Officiellement, «aucune décision n'est prise» quant à l'avenir de 15 conseillers lillois (70 en France) de l'opérateur privé qui assurait le suivi de chômeurs pour Pôle Emploi dans la région. Erik Pillet, directeur général d'Ingeus France, concède juste que s’«il est trop tôt pour parler de licenciements, c'est une hypothèse. Il y en a d'autres».

En cause la décision de Pôle Emploi, la semaine dernière, de ne pas retenir Ingeus parmi les 31 prestataires privés qui suivront 320.000 chômeurs en deux ans dans tout le pays (1). Implanté depuis 2005 dans la région, sous-traitant historique du service public de l'emploi, Ingeus postulait pour obtenir la part nordiste de ce marché. Mais c'est le cabinet Sodie (groupe Altedia, fondé par l'ancien conseiller social de Nicolas Sarkozy, Raymond Soubie) qui lui a été préféré... «Une déception» pour Erik Pillet, qui explique que la concurrence l'a emporté en «tirant les prix vers le bas».

En interne, on estime que la messe est déjà dite. Chantal (2), une conseillère lilloise, raconte que «les écrits parlent de restructuration. À l'oral, on nous a bien dit dès juillet qu'il y aurait des licenciements». La pilule a du mal à passer et a pour effet de faire se délier les langues dans cette boîte australienne. «La vérité, c'est qu'Ingeus se fait du fric sur le dos du marché de l'emploi tout en maintenant un climat de terreur sur les conseillers et les demandeurs d'emplois», témoigne Chantal. Elle dénonce «un système de management à l'anglo-saxonne, une course au résultat, sans réelle prise en compte de la problématique du candidat. On m'a déjà dit que je passais trop de temps en entretien». Et d'expliquer comment en cours d'année, alors que la crise battait son plein, on lui a demandé de porter ses «objectifs de 4 retours à l'emploi facturables à 8». Sans quoi, «c'est le plan d'action, l'engueulade, la surveillance»...
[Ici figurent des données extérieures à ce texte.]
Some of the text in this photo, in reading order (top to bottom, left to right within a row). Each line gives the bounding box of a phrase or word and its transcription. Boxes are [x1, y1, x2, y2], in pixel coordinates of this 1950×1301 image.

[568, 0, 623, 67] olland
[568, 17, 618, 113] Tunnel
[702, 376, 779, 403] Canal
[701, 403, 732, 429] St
Ingeus, machine à radier des chômeurs

Élodie (2), une autre conseillère, raconte qu'on l'a traitée «d'incapable» parce qu'elle n'arrivait pas à tenir ses objectifs. «Dans ce cas-là, ils nous disent qu'on peut toujours partir, qu'il y a du monde à la porte qui attend de rentrer». Un comble pour cette conseillère venue à Ingeus pour faire «de l'insertion professionnelle, pas du contrôle social».
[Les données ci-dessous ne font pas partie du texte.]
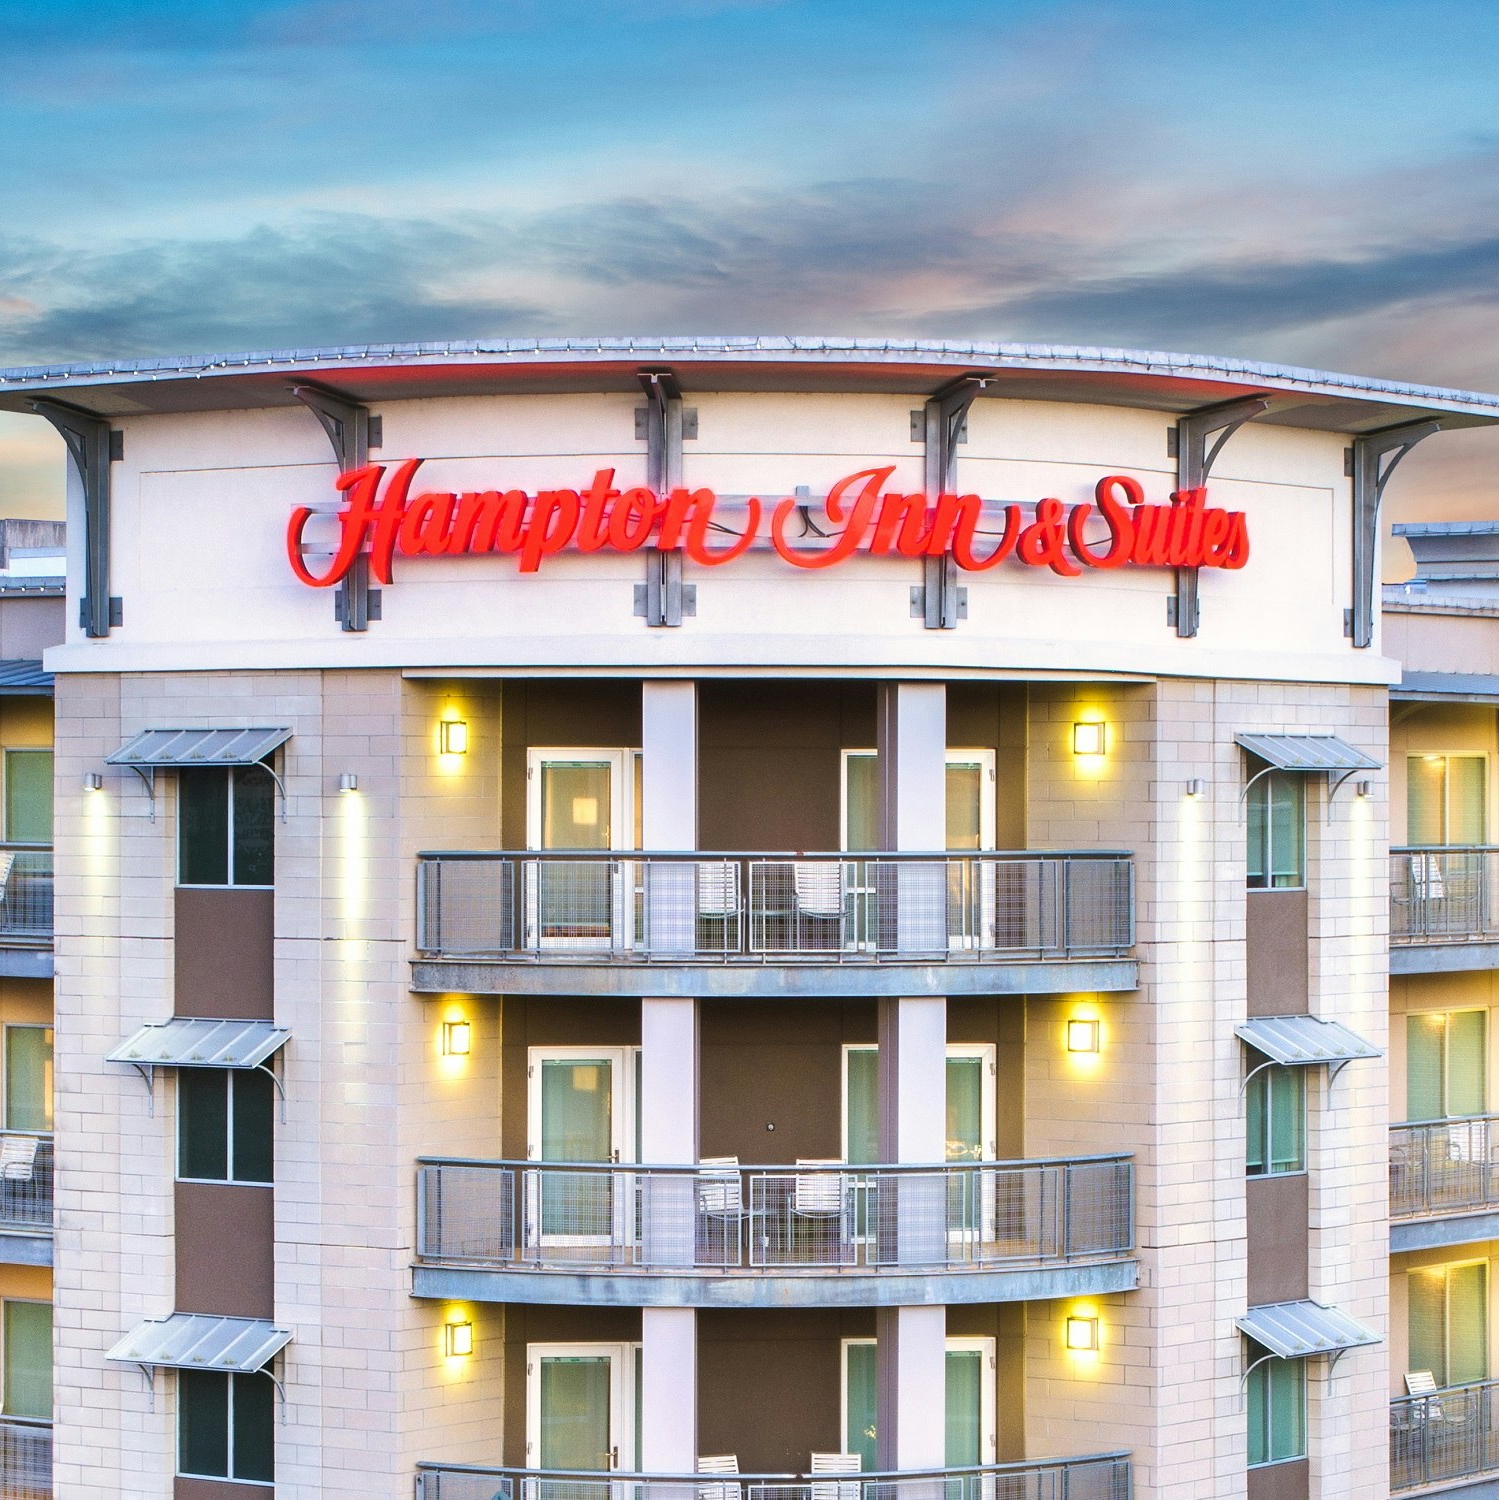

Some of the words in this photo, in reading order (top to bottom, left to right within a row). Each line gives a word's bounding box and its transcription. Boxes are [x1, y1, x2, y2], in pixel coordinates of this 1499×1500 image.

[288, 458, 761, 588] Hampton
[771, 465, 1019, 572] Inn
[1016, 497, 1082, 577] &
[1068, 475, 1250, 570] Suites
Selon elle, en effet, plus qu'à du placement individualisé, Ingeus a participé à «la radiation de nombreux demandeurs d'emplois. On nous demandait de faire des fiches de liaison pour les chômeurs qui posaient des difficultés de placement». Chantal indique, elle, «qu'on nous demandait de ne travailler qu'avec les "job ready", prêts à l'emploi et de laisser tomber "les cas sociaux"».
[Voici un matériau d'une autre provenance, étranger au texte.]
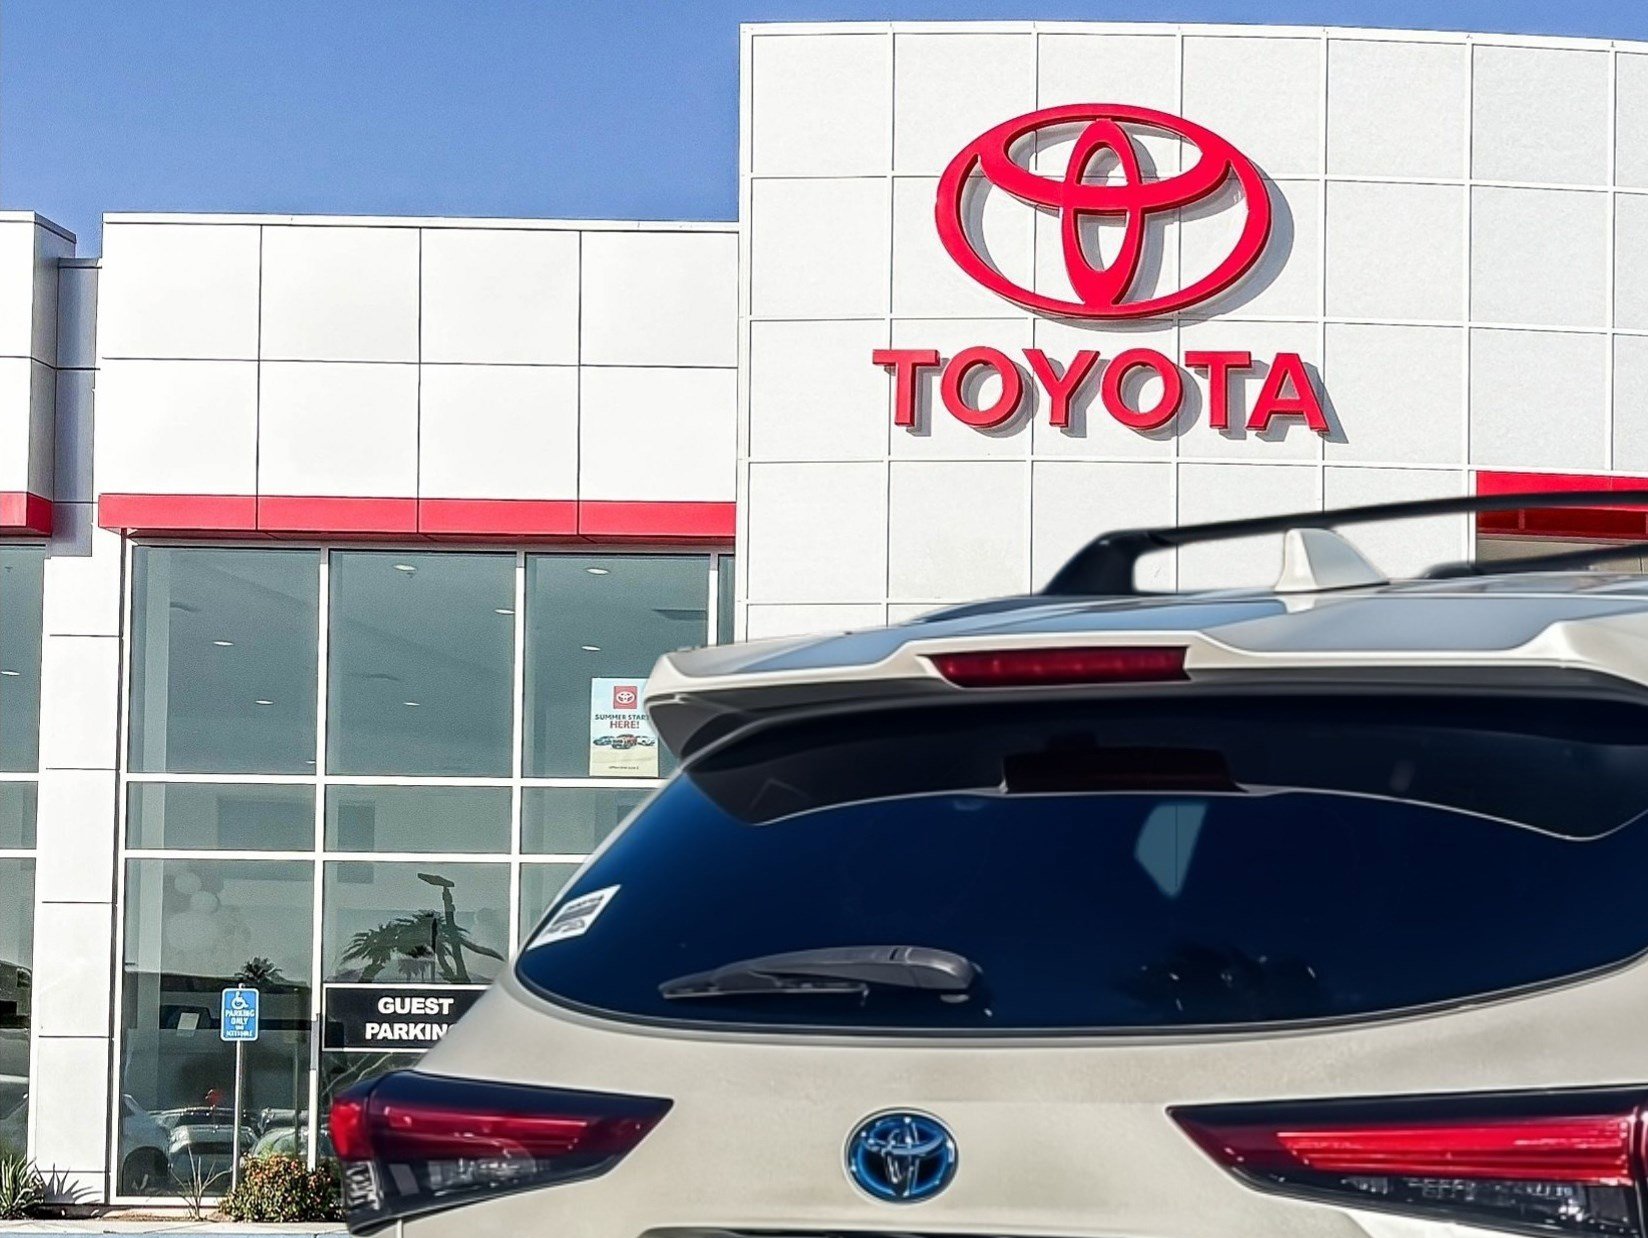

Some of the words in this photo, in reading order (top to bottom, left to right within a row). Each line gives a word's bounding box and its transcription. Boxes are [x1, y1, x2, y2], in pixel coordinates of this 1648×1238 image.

Les deux conseillères tournent également leurs critiques vers la «soi-disant méthode innovante d'Ingeus qui consiste tout juste à s'asseoir à côté du demandeur d'emploi plutôt qu'en face de lui. La blague, chez nous, c'est de dire que la méthode Ingeus, c'est comme la fricandelle : personne ne sait ce qu'il y a dedans». Formation a minima, pas de vraie prospective vers les entreprises de la région… pour Chantal, la méthode Ingeus, «c'est du vent».

Chantal et Élodie ne se font guère d'illusions sur leur avenir. «On en saura plus lors du CE du 26 août», souffle l'une d'elle sans trop y croire.

Sébastien Leroy pour Nord Eclair

(1) Pour la coquette somme de 425.000 € payée par les cotisations salariales...
(2) Prénoms d'emprunt.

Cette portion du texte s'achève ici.